Menakar Arah Vonis Hasto Kristiyanto: Antara Fakta Hukum dan Dendam Jokowi
Oleh: Firman Tendry Masengi, S.H., M.H. CLA, CTL
(Praktisi Hukum/Aktivis ProDem)
Penganiayaan menggunakan instrumen hukum sekaligus character assassination yang menjerat Sekretaris Jenderal PDI Perjuangan, Hasto Kristiyanto, sulit ditepis. Sebelumnya, terang dilihat publik bahwa Jokowi kecewa atas gagalnya upaya 3 periode yang diharap Jokowi untuk di endorse PDI Perjuangan. Telah bergulir sebelas kali persidangan di Pengadilan Tindak Pidana Korupsi (Tipikor) Jakarta Pusat.

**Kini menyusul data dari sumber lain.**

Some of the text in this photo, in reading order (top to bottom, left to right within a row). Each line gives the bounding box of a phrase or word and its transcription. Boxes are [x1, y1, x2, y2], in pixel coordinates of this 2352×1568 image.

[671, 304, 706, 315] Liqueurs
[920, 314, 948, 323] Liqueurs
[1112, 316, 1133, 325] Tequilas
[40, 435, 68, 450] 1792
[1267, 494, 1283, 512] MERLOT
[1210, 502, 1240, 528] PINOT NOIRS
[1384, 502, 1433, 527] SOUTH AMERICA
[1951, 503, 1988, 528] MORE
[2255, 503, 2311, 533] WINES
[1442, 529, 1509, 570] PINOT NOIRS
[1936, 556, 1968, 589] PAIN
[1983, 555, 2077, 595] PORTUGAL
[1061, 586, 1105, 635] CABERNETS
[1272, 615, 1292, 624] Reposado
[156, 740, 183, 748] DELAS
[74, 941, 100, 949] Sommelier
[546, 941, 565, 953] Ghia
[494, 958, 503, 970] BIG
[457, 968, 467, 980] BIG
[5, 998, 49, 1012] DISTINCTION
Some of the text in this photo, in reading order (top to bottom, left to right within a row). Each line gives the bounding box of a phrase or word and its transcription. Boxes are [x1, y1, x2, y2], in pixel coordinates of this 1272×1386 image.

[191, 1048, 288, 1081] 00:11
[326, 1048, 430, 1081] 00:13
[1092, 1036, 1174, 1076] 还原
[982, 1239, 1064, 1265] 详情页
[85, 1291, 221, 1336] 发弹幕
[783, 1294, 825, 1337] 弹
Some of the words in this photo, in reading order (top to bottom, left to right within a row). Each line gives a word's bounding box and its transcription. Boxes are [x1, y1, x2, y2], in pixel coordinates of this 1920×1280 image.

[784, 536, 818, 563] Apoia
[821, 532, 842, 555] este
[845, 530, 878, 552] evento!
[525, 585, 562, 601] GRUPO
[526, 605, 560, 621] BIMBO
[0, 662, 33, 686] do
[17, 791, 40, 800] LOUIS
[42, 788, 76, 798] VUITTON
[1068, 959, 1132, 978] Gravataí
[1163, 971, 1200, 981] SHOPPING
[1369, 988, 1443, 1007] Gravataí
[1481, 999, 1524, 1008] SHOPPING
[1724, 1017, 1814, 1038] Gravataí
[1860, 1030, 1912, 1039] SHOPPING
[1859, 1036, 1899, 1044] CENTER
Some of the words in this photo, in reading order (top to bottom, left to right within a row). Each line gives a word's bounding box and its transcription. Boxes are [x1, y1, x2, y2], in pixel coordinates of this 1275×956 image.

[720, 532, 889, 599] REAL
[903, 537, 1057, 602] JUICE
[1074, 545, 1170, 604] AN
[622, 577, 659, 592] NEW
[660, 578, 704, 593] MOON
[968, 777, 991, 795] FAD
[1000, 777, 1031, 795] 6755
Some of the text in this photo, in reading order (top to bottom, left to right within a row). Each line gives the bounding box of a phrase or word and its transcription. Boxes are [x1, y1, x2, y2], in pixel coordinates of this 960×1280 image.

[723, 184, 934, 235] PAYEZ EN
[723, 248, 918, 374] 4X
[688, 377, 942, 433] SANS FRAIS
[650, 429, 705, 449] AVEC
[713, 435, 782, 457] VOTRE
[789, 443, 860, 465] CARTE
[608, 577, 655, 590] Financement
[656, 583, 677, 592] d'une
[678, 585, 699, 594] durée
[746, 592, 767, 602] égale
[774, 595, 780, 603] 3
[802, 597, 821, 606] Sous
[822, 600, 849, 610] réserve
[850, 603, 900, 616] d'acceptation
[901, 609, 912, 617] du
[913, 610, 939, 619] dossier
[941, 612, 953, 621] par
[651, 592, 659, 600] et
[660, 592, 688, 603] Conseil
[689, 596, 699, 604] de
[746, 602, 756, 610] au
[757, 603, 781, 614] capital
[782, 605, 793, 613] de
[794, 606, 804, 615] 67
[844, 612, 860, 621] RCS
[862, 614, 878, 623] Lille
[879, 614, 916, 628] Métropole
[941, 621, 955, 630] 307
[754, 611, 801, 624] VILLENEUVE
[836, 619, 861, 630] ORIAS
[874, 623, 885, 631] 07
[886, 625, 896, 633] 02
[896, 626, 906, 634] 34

Persidangan ini menjadi panggung besar drama yang mempertemukan dua kutub: fakta hukum yang kering bukti versus atmosfer politik yang penuh tekanan.
Analisa Persidangan
Keterangan Saksi dan Bukti yang Dipertanyakan
Dakwaan terhadap Hasto bertumpu pada dua hal:
1. Obstruction of Justice (Pasal 21 UU Tipikor)
Diduga menyuruh stafnya, Kusnadi, untuk menyembunyikan barang bukti terkait Harun Masiku.
2. Suap Politik (Pasal 5 UU Tipikor)
Dituding mengetahui atau terlibat dalam pemberian uang kepada Komisioner KPU melalui Saeful Bahri.
Namun dari 11 kali sidang yang digelar, berikut temuan krusial:
Kusnadi sebagai saksi kunci menyatakan tidak pernah menerima perintah eksplisit dari Hasto untuk menyembunyikan bukti.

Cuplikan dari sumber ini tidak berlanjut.